▽

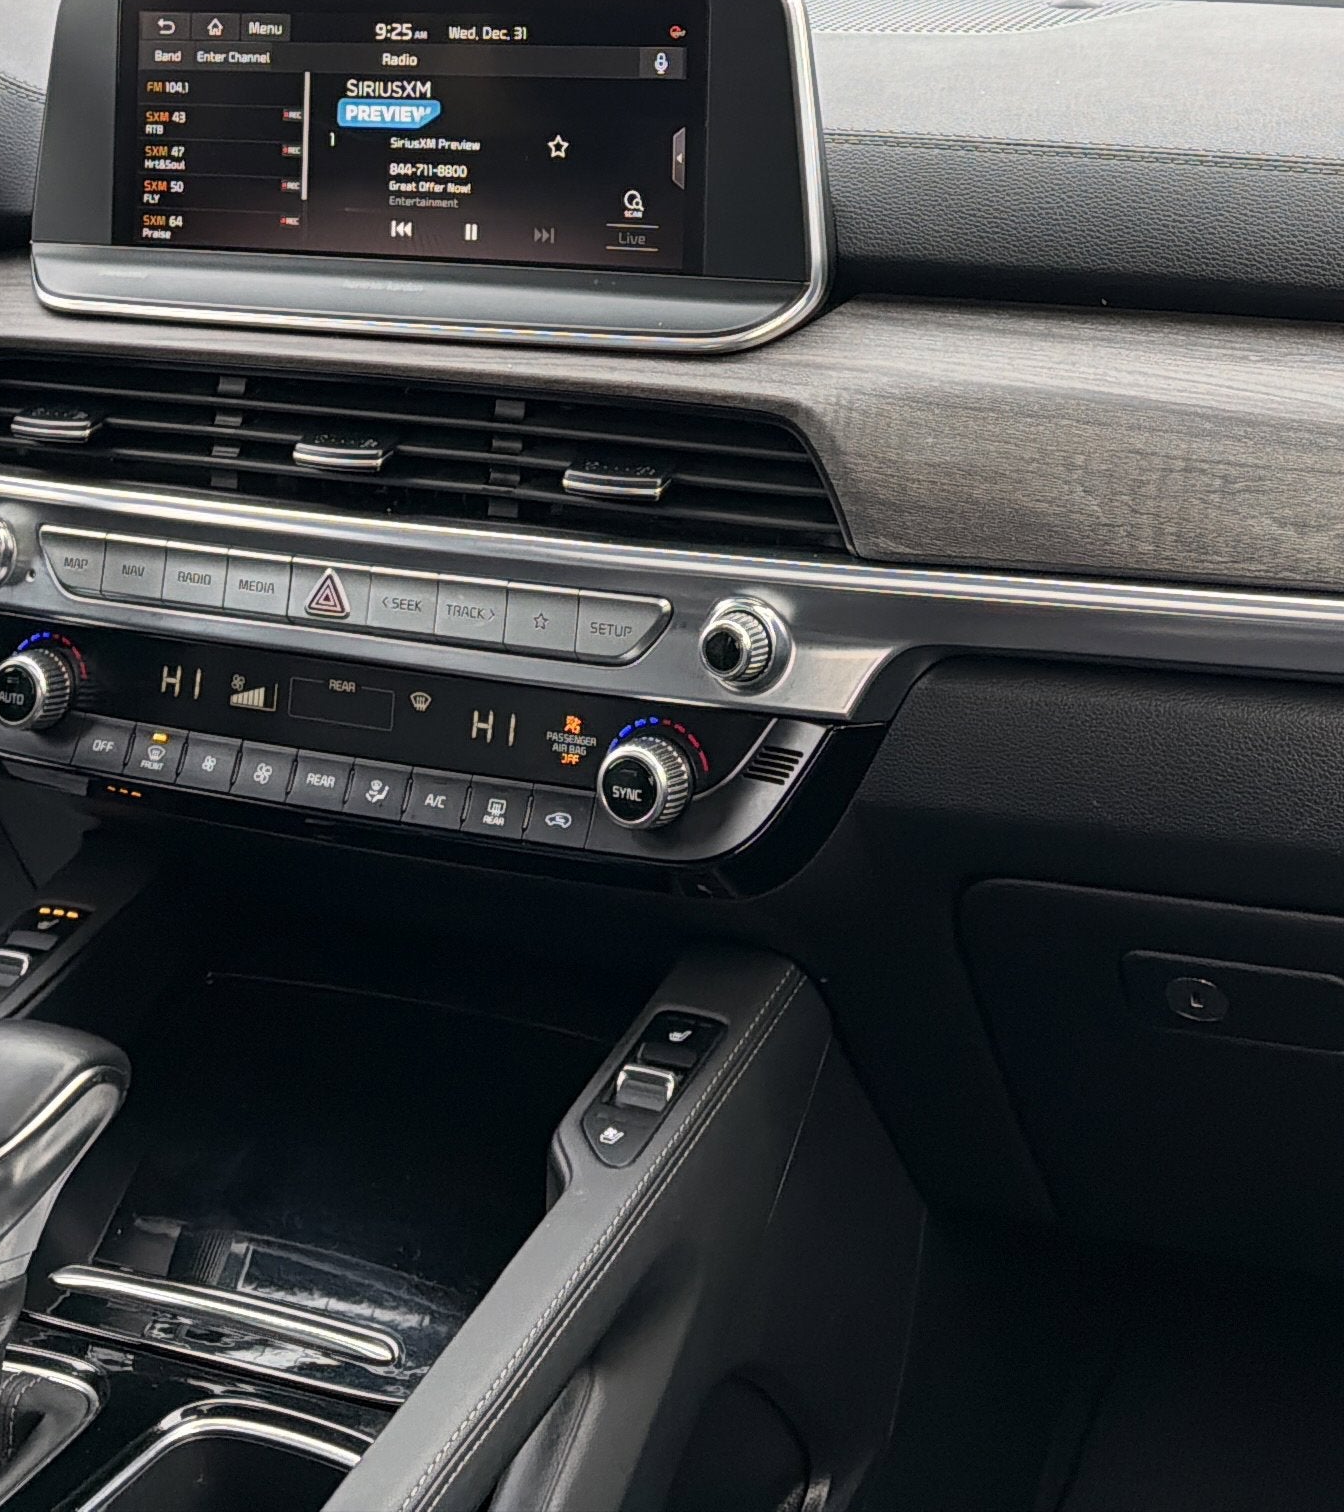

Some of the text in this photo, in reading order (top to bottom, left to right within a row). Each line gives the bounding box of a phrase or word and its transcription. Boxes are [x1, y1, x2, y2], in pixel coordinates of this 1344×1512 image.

[248, 21, 283, 36] Menu
[375, 23, 428, 40] 9:25 AM
[513, 26, 527, 40] 31
[154, 50, 182, 62] Band
[197, 51, 271, 64] Enter Channel
[382, 53, 418, 66] Radio
[146, 81, 189, 94] FM 104.1
[346, 79, 432, 98] SIRIUSXM
[146, 111, 186, 123] SXM 43
[345, 105, 432, 122] PREVIEW
[329, 131, 335, 147] 1
[390, 137, 481, 151] SiriusXM Preview
[144, 145, 185, 158] SXM 47
[389, 162, 468, 178] 844-711-8800
[143, 180, 184, 192] SXM 50
[389, 180, 417, 192] Great
[418, 181, 445, 193] Offer
[143, 193, 161, 204] FLY
[389, 195, 459, 208] Entertainment
[142, 214, 183, 227] SXM 64
[142, 227, 172, 239] Praise
[618, 231, 646, 245] Live
[63, 557, 89, 570] MAP
[121, 564, 146, 577] NAV
[177, 571, 212, 586] RADIO
[238, 579, 275, 594] MEDIA
[391, 598, 423, 612] SEEK
[446, 604, 485, 619] TRACK
[590, 621, 633, 637] SETUP
[328, 679, 356, 693] REAR
[92, 739, 114, 753] OFF
[546, 731, 597, 747] PASSENGER
[552, 742, 587, 756] AIR BAG
[140, 759, 164, 771] FRONT
[306, 772, 335, 789] REAR
[611, 785, 642, 802] SYNC
[424, 793, 446, 809] A/C
[482, 814, 505, 827] REAR
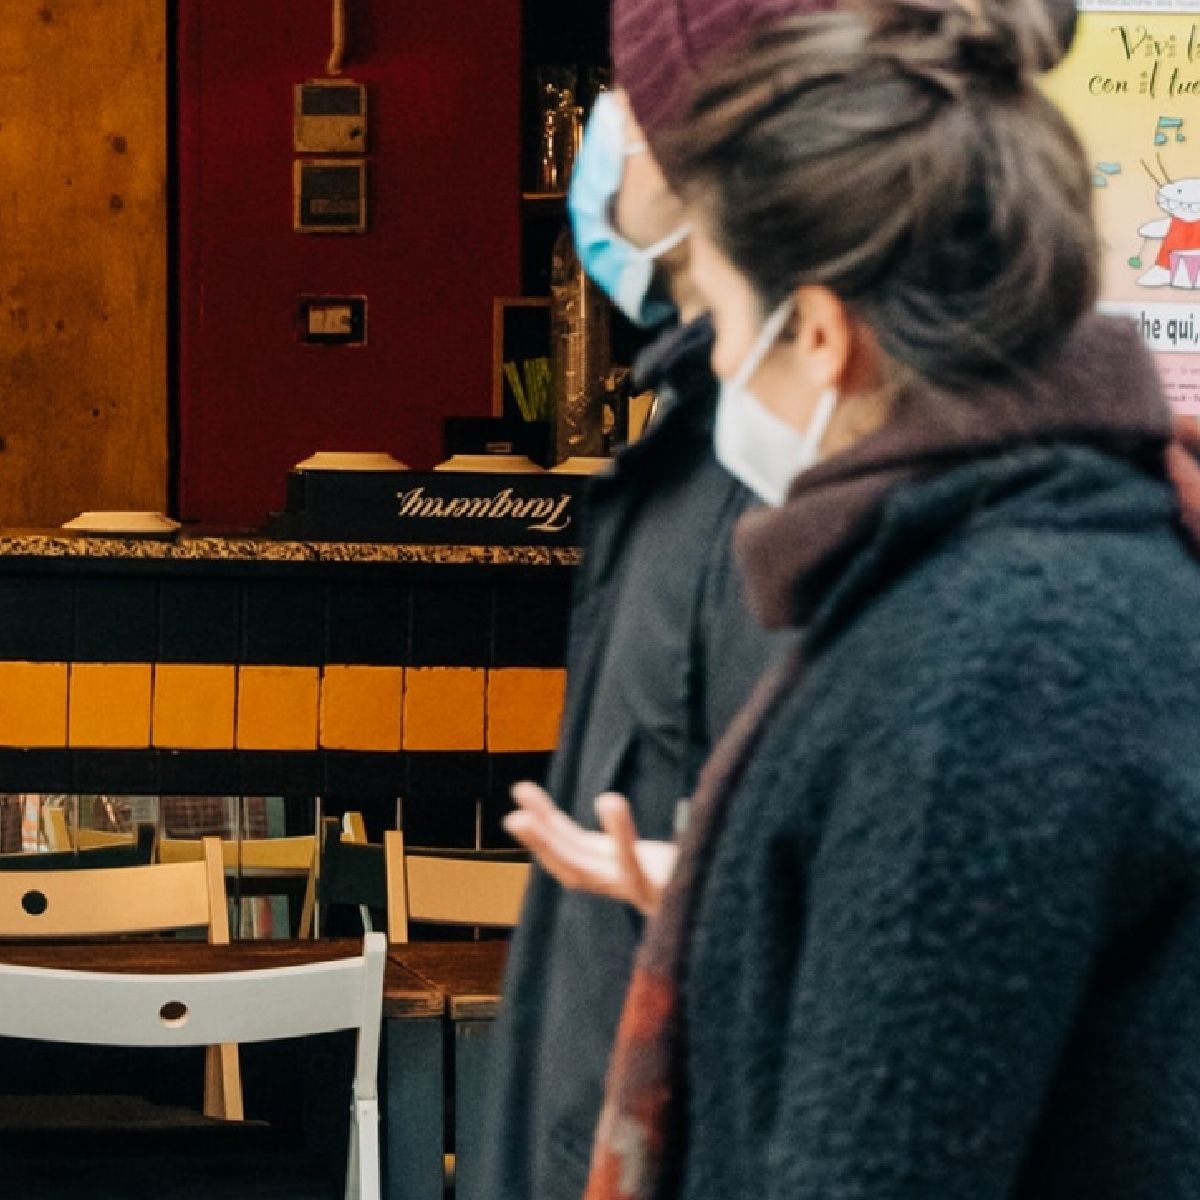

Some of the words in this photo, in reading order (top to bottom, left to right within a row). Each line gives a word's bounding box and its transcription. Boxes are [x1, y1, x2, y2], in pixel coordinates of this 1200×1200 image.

[1111, 25, 1176, 60] Vivi
[1089, 74, 1128, 96] con
[1139, 60, 1158, 99] il
[1167, 313, 1199, 345] qui,
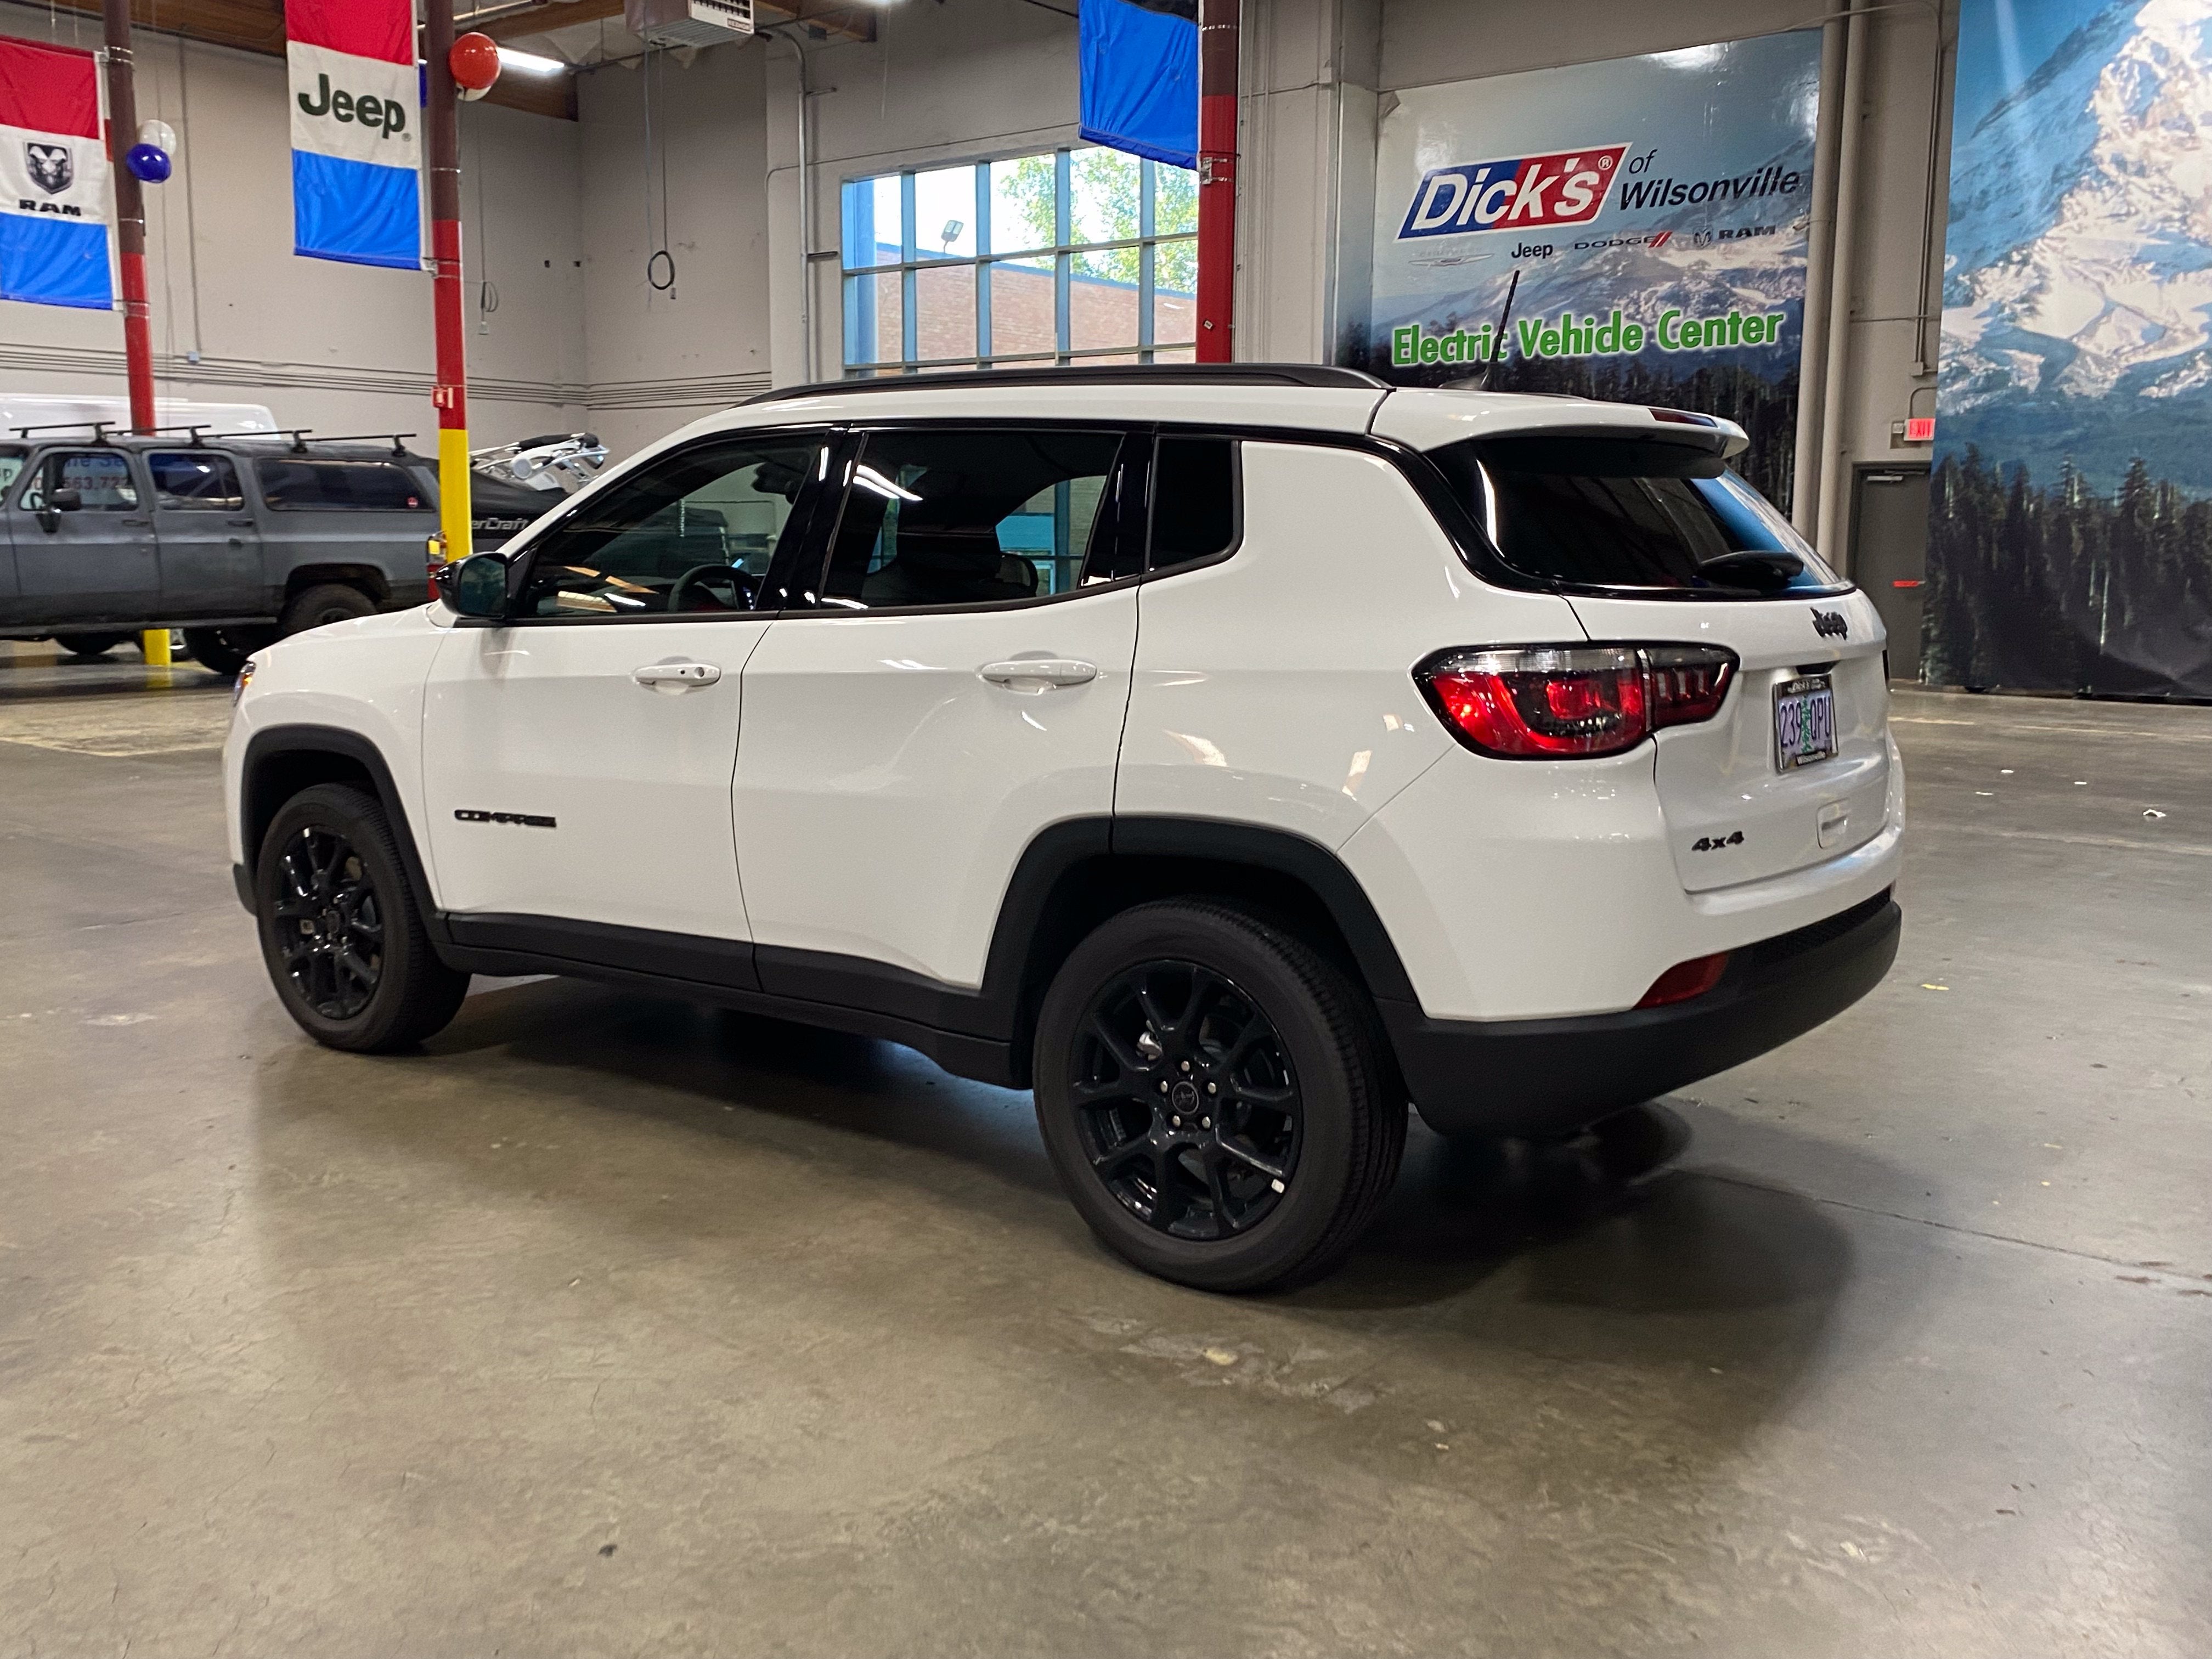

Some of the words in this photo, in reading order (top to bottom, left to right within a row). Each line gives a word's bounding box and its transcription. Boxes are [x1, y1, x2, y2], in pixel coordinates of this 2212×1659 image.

[298, 73, 406, 139] Jeep
[19, 199, 81, 216] RAM
[1411, 157, 1600, 230] Dick's
[1628, 149, 1658, 174] of
[1620, 166, 1800, 211] Wilsonville
[1511, 242, 1554, 259] Jeep
[1575, 236, 1656, 250] DODGE
[1718, 225, 1776, 239] RAM
[1519, 311, 1643, 357] Vehicle
[1658, 310, 1784, 349] Center
[1910, 421, 1931, 437] EXIT
[1810, 607, 1848, 640] Jeep
[1780, 702, 1802, 748] 239
[1811, 696, 1831, 740] QPU
[1691, 831, 1745, 851] 4x4

△

**TASK REQUIREMENTS:** Please output the line that contains "this 2212×1659 image." and every line after it in the entries above, exactly, and nothing more.

**EXERCISE OUTPUT:**
Some of the words in this photo, in reading order (top to bottom, left to right within a row). Each line gives a word's bounding box and its transcription. Boxes are [x1, y1, x2, y2], in pixel coordinates of this 2212×1659 image.

[298, 73, 406, 139] Jeep
[19, 199, 81, 216] RAM
[1411, 157, 1600, 230] Dick's
[1628, 149, 1658, 174] of
[1620, 166, 1800, 211] Wilsonville
[1511, 242, 1554, 259] Jeep
[1575, 236, 1656, 250] DODGE
[1718, 225, 1776, 239] RAM
[1519, 311, 1643, 357] Vehicle
[1658, 310, 1784, 349] Center
[1910, 421, 1931, 437] EXIT
[1810, 607, 1848, 640] Jeep
[1780, 702, 1802, 748] 239
[1811, 696, 1831, 740] QPU
[1691, 831, 1745, 851] 4x4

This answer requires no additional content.